Costruzione di faro 1861-1864 (≈ 1863)
Regia di Dujardin e Pelau, messa in servizio.
1929
Film girato *Lighthouse Guards*
Film girato *Lighthouse Guards* 1929 (≈ 1929)
Film di Jean Grémillon sul sito.
1981
Elettrificazione del faro
Elettrificazione del faro 1981 (≈ 1981)
Sostituisce il fuoco di vapore dell'olio.
1984
Automazione dei fari
Automazione dei fari 1984 (≈ 1984)
Ammodernamento dei sistemi di segnalazione.
2016
Restauro della guardia
Restauro della guardia 2016 (≈ 2016)
I lavori di conservazione previsti quest'anno.
20 avril 2017
Classificazione monumento storico
Classificazione monumento storico 20 avril 2017 (≈ 2017)
Protezione totale e annessi.
Aujourd'hui
Aujourd'hui
Aujourd'hui Aujourd'hui (≈ 2025)
Position de référence.
Patrimonio
Il Faro di Triagoz, nella sua interezza (ad eccezione dell'incendio attuale e della sua base di cemento), incluso l'annessione situato sul retro del faro e tutto il suo seminterrato con cucina, riserve e scale, situato a Manche sull'altopiano di Triagoz, a nord-ovest di Tregastel-Plage (Côtes-d'Armor), sul dominio pubblico marittimo non-cadastre, coordinate geografiche: 48°52
Dati chiave
Dujardin - Engineer
Co-Direttore della Costruzione (1861-1864).
Pelau (ou Pelaud) - Engineer
Co-Direttore di Lighthouse Construction.
Jean Grémillon - Direttore
Tour* Guardia faro* nel 1929.
Origine e storia
Il faro di Triagoz, costruito tra il 1861 e il 1864 sotto la direzione di ingegneri Dujardin e Pelau (o Pelaud secondo le fonti), sorge sulla roccia Guen-Bras di Tregastel, nella Côtes-d'Armor.
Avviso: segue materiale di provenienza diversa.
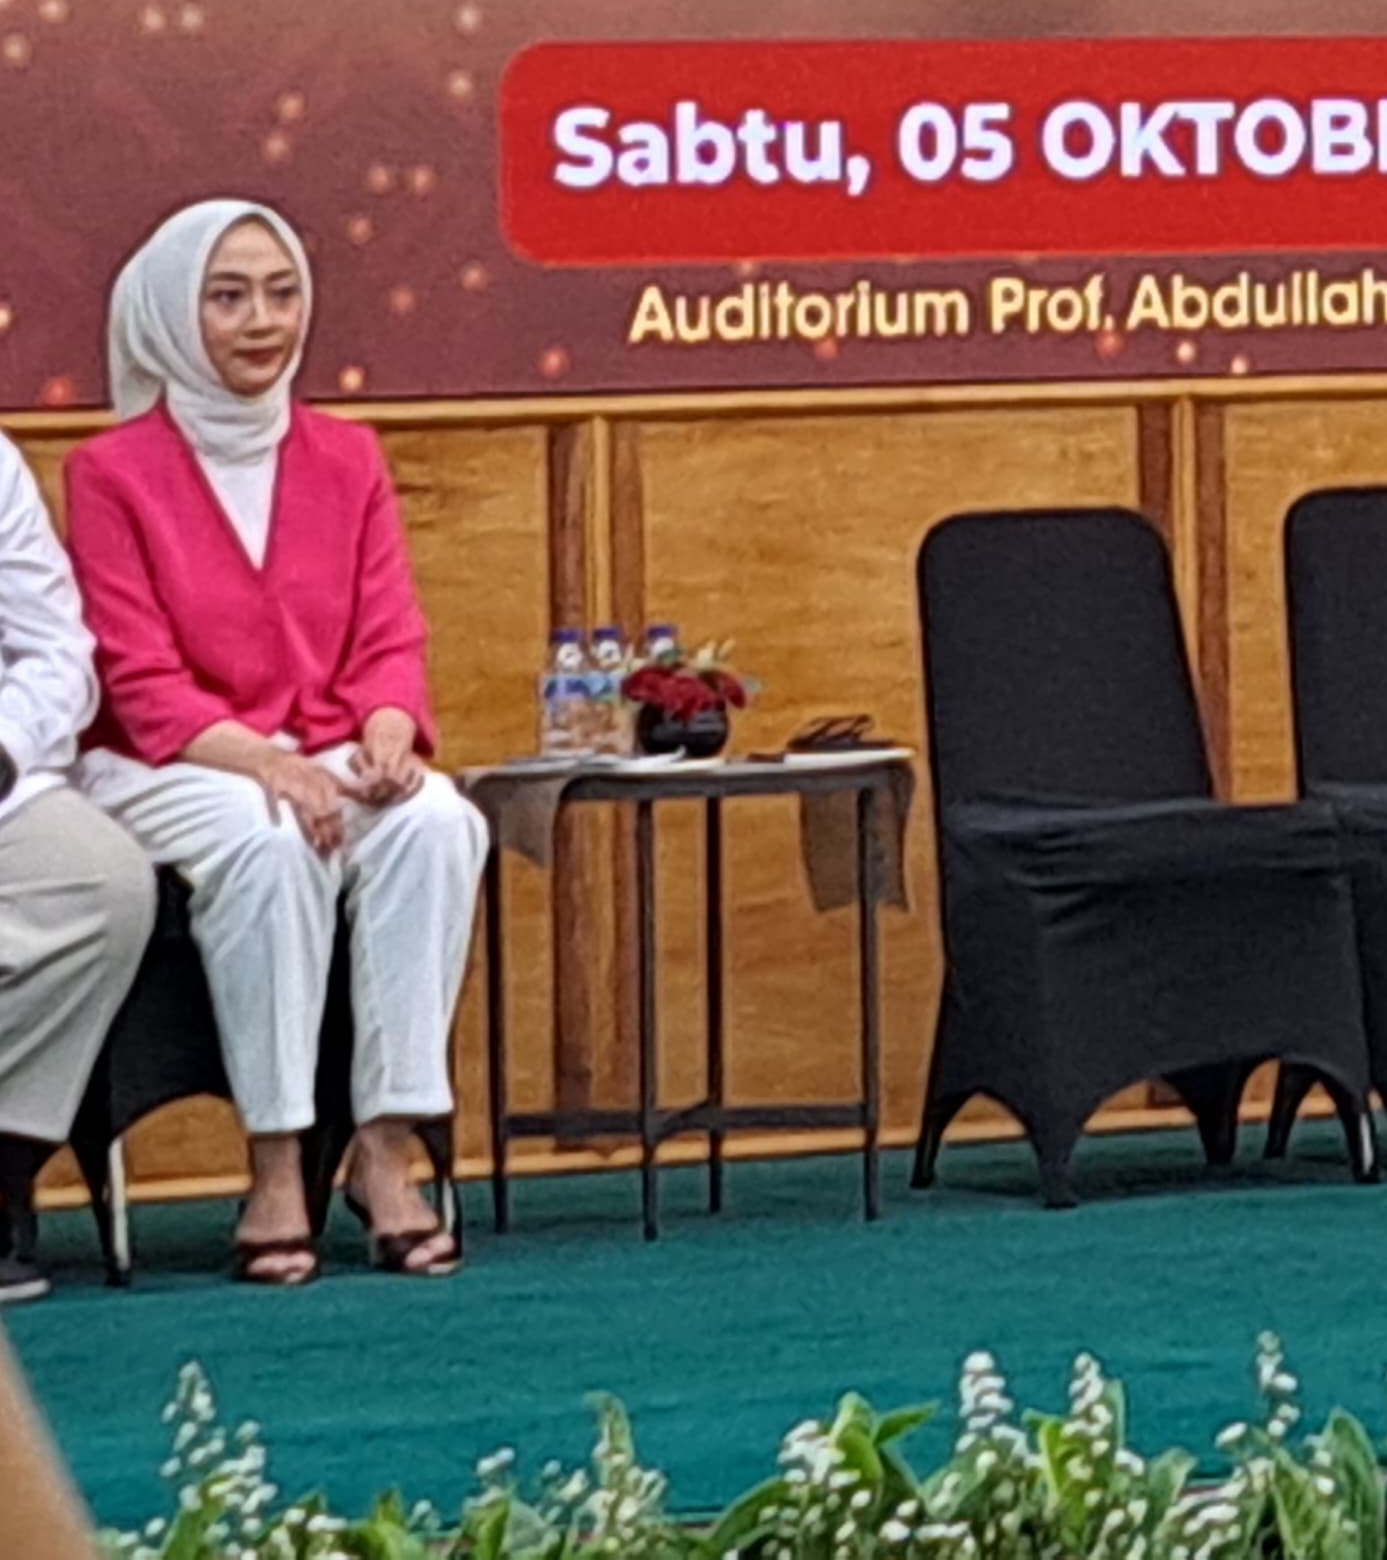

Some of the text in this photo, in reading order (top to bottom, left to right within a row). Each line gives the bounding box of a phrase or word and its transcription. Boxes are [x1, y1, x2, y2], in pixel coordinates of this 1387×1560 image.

[552, 101, 870, 196] Sabtu,
[898, 103, 1014, 181] 05
[628, 281, 970, 344] Auditorium
[991, 274, 1114, 334] Prof.
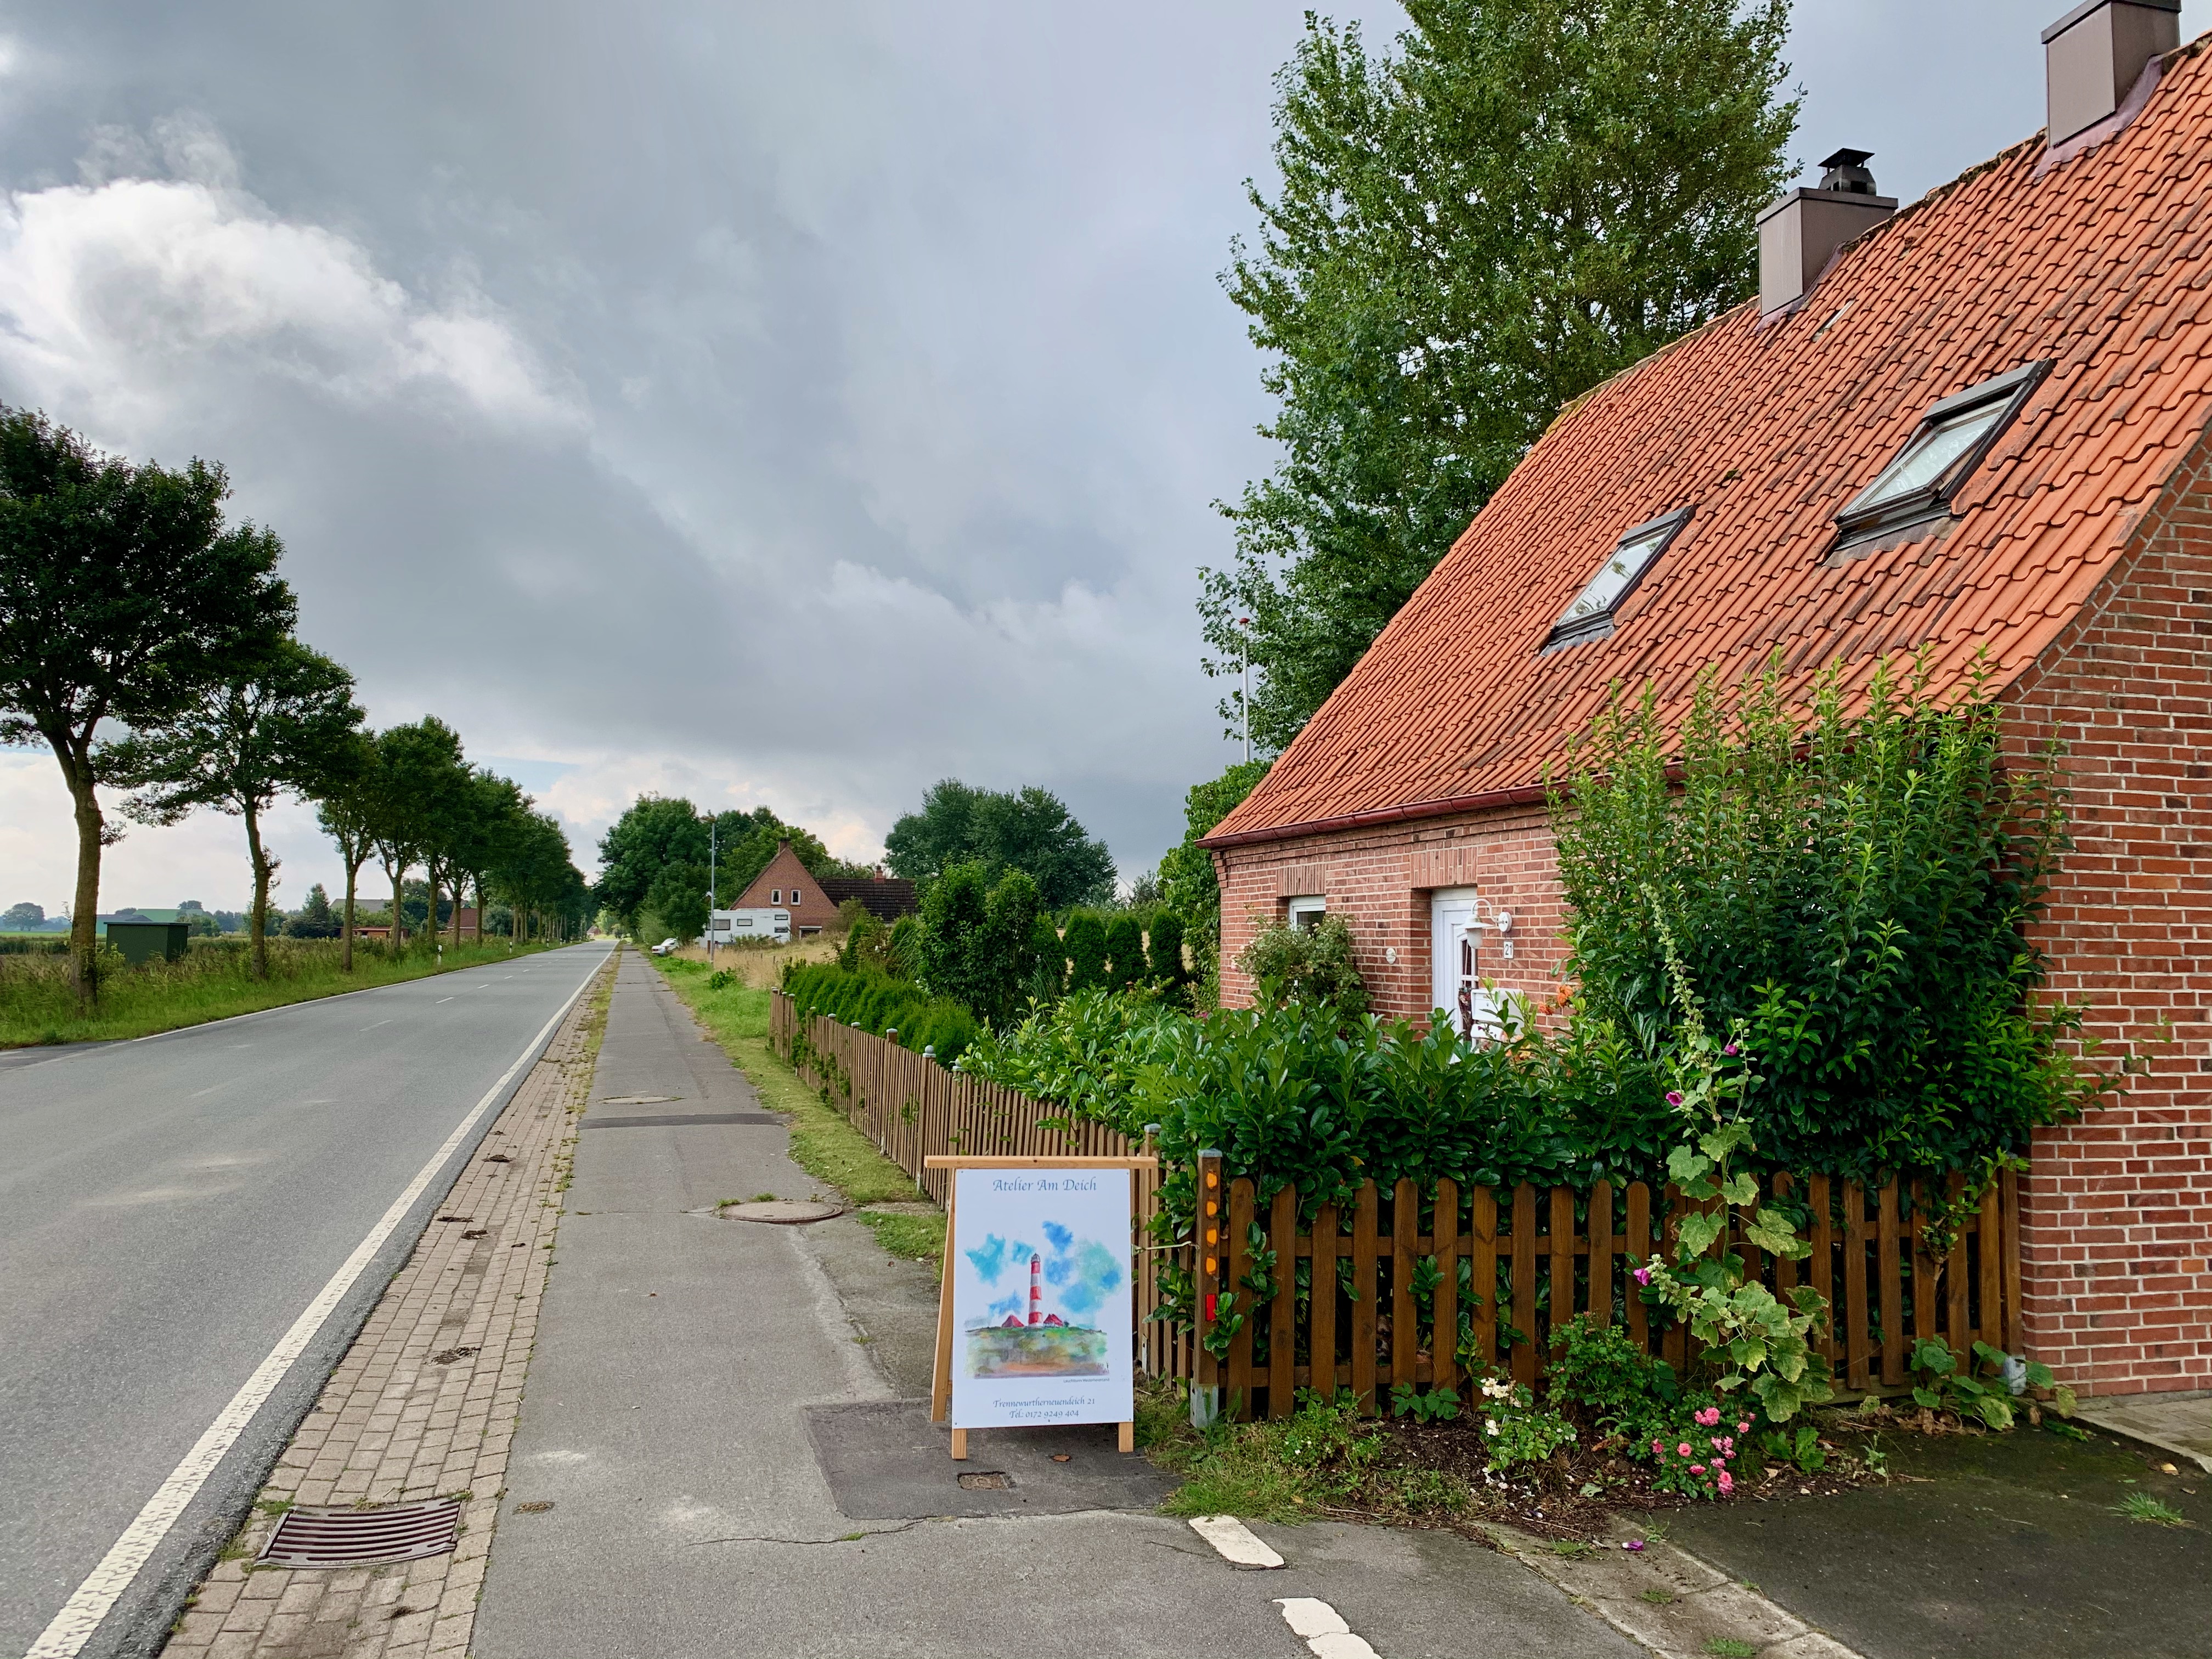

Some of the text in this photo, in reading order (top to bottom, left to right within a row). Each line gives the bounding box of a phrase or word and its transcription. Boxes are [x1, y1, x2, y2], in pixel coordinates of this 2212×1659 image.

[1505, 944, 1512, 956] 21
[993, 1176, 1097, 1192] Atelier Am Deich
[1009, 1409, 1024, 1418] Tel.:
[1044, 1410, 1063, 1419] 9249
Costruita in granito rosa da Ploumanac'h, la sua struttura quadrata con proiezione semicircolare evoca una dungeon medievale, che riflette una particolare attenzione alla sua estetica. Dotato di lenti Fresnel, è stato uno strumento importante per la navigazione in questa zona pericolosa del canale inglese.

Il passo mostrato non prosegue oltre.